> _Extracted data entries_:
--*--

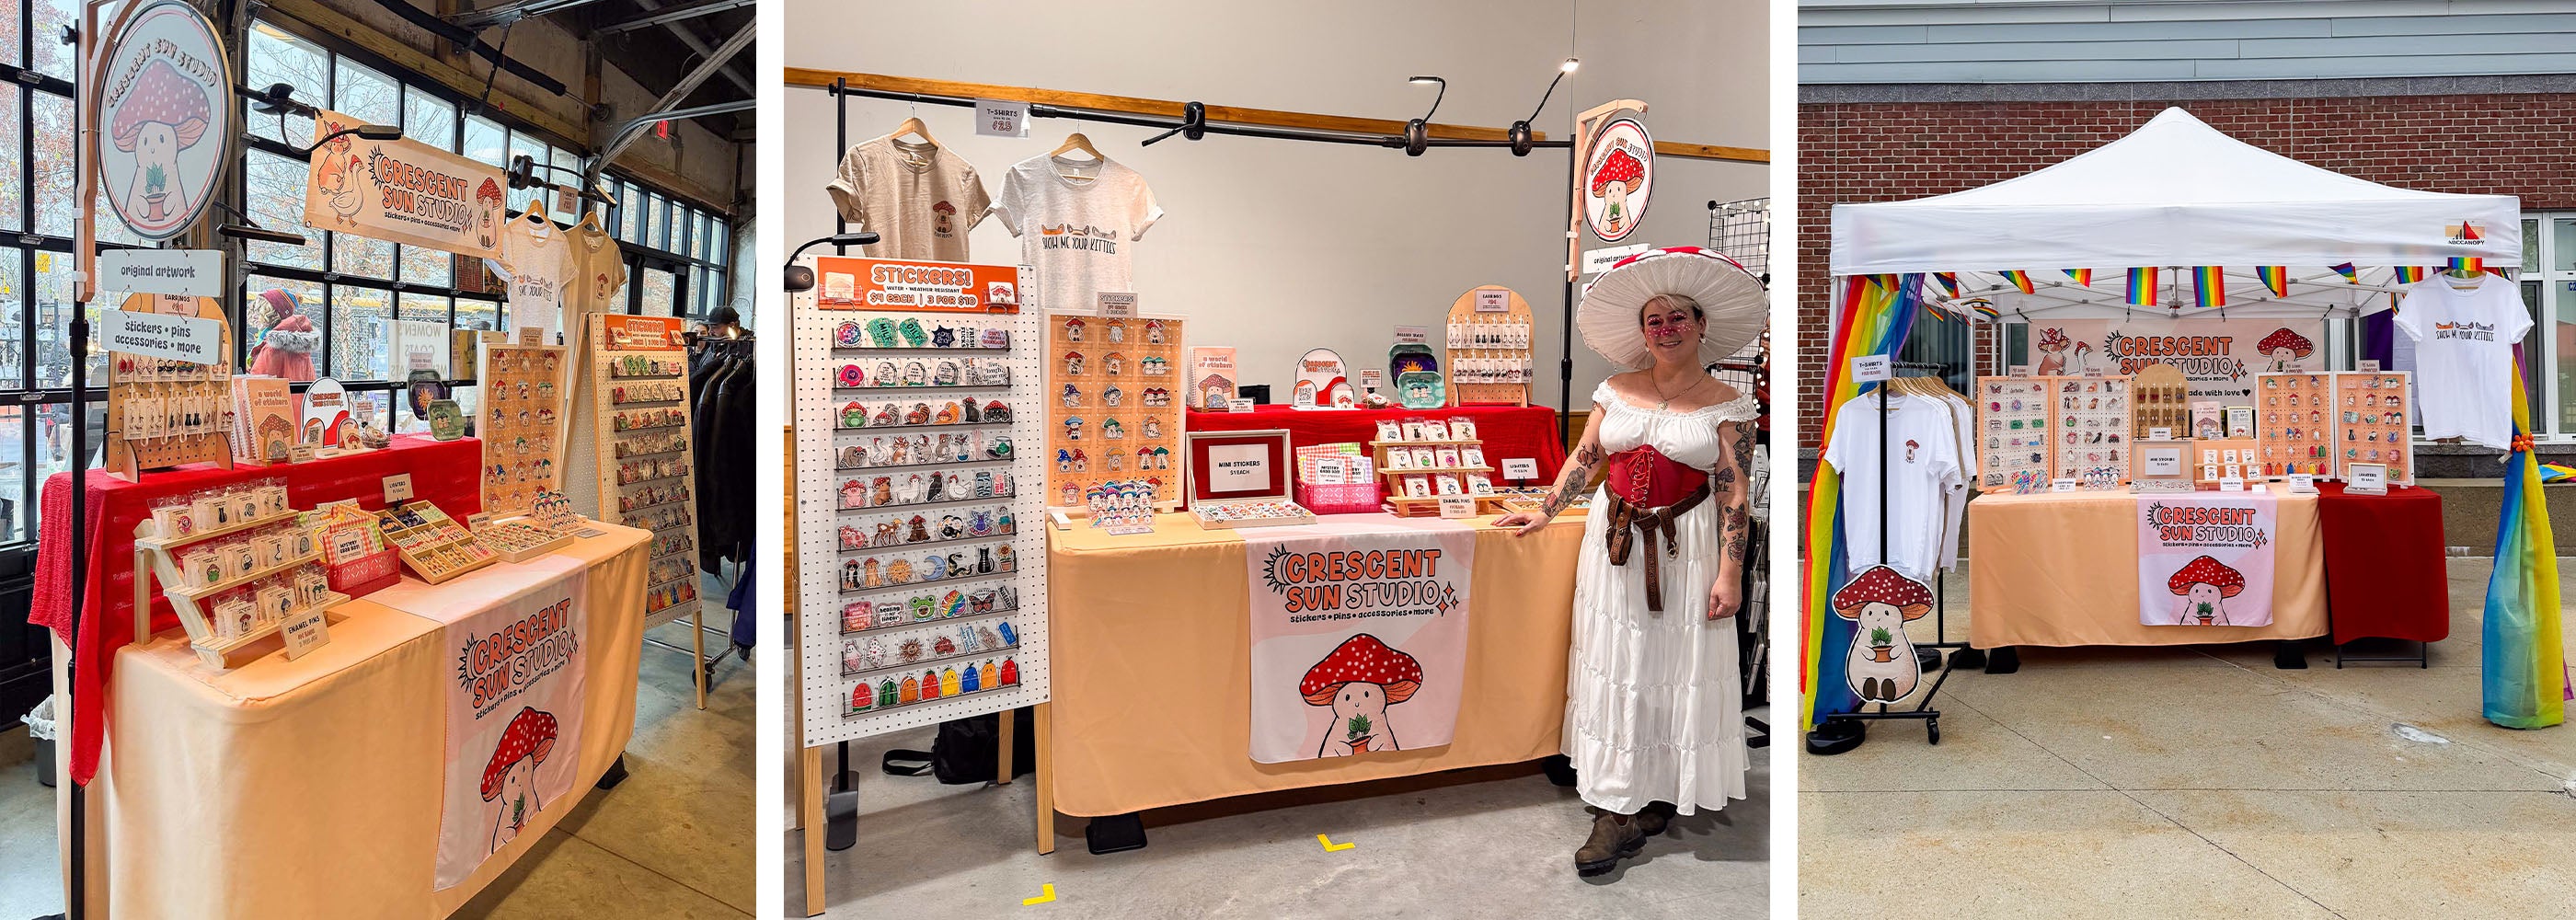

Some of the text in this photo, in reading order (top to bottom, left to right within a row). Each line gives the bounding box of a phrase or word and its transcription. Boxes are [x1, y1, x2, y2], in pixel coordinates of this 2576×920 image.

[107, 39, 217, 108] CRESCENT SUN STUDIO
[987, 109, 1018, 117] T-SHIRTS
[993, 121, 1012, 132] $25
[1590, 137, 1649, 176] CRESCENT SUN STUDIO
[381, 156, 467, 201] CRESCENT
[382, 186, 467, 224] SUN STUDIO
[385, 212, 407, 221] stickers
[410, 216, 420, 224] pins
[424, 220, 450, 230] accessories
[1061, 236, 1069, 248] ME
[1073, 237, 1088, 249] YOUR
[1090, 238, 1116, 254] KITTIES
[1594, 255, 1613, 264] original
[121, 265, 195, 278] original artwork
[870, 293, 883, 302] $4
[927, 295, 934, 305] 3
[937, 295, 955, 305] FOR
[958, 296, 976, 305] $10
[125, 322, 190, 338] stickers pins
[880, 323, 892, 341] MILF
[115, 335, 201, 354] accessories more
[2120, 337, 2232, 356] CRESCENT
[2160, 507, 2255, 525] CRESCENT
[2159, 526, 2255, 542] SUN STUDIO
[1285, 549, 1441, 583] CRESCENT
[1285, 581, 1440, 613] SUN STUDIO
[288, 620, 308, 634] ENAMEL
[309, 615, 319, 626] PINS
[1290, 614, 1326, 623] stickers
[1333, 612, 1351, 621] pins
[1358, 609, 1408, 618] accessories
[473, 598, 570, 675] CRESCENT
[473, 630, 569, 708] SUN STUDIO
[476, 700, 500, 719] stickers
[503, 691, 517, 702] pins
[554, 660, 566, 671] more

--*--

> _TASK TO COMPLETE_:
Repeat each record exactly, with the pictures left out.

> _TASK RESULT_:
Some of the text in this photo, in reading order (top to bottom, left to right within a row). Each line gives the bounding box of a phrase or word and its transcription. Boxes are [x1, y1, x2, y2], in pixel coordinates of this 2576×920 image.

[107, 39, 217, 108] CRESCENT SUN STUDIO
[987, 109, 1018, 117] T-SHIRTS
[993, 121, 1012, 132] $25
[1590, 137, 1649, 176] CRESCENT SUN STUDIO
[381, 156, 467, 201] CRESCENT
[382, 186, 467, 224] SUN STUDIO
[385, 212, 407, 221] stickers
[410, 216, 420, 224] pins
[424, 220, 450, 230] accessories
[1061, 236, 1069, 248] ME
[1073, 237, 1088, 249] YOUR
[1090, 238, 1116, 254] KITTIES
[1594, 255, 1613, 264] original
[121, 265, 195, 278] original artwork
[870, 293, 883, 302] $4
[927, 295, 934, 305] 3
[937, 295, 955, 305] FOR
[958, 296, 976, 305] $10
[125, 322, 190, 338] stickers pins
[880, 323, 892, 341] MILF
[115, 335, 201, 354] accessories more
[2120, 337, 2232, 356] CRESCENT
[2160, 507, 2255, 525] CRESCENT
[2159, 526, 2255, 542] SUN STUDIO
[1285, 549, 1441, 583] CRESCENT
[1285, 581, 1440, 613] SUN STUDIO
[288, 620, 308, 634] ENAMEL
[309, 615, 319, 626] PINS
[1290, 614, 1326, 623] stickers
[1333, 612, 1351, 621] pins
[1358, 609, 1408, 618] accessories
[473, 598, 570, 675] CRESCENT
[473, 630, 569, 708] SUN STUDIO
[476, 700, 500, 719] stickers
[503, 691, 517, 702] pins
[554, 660, 566, 671] more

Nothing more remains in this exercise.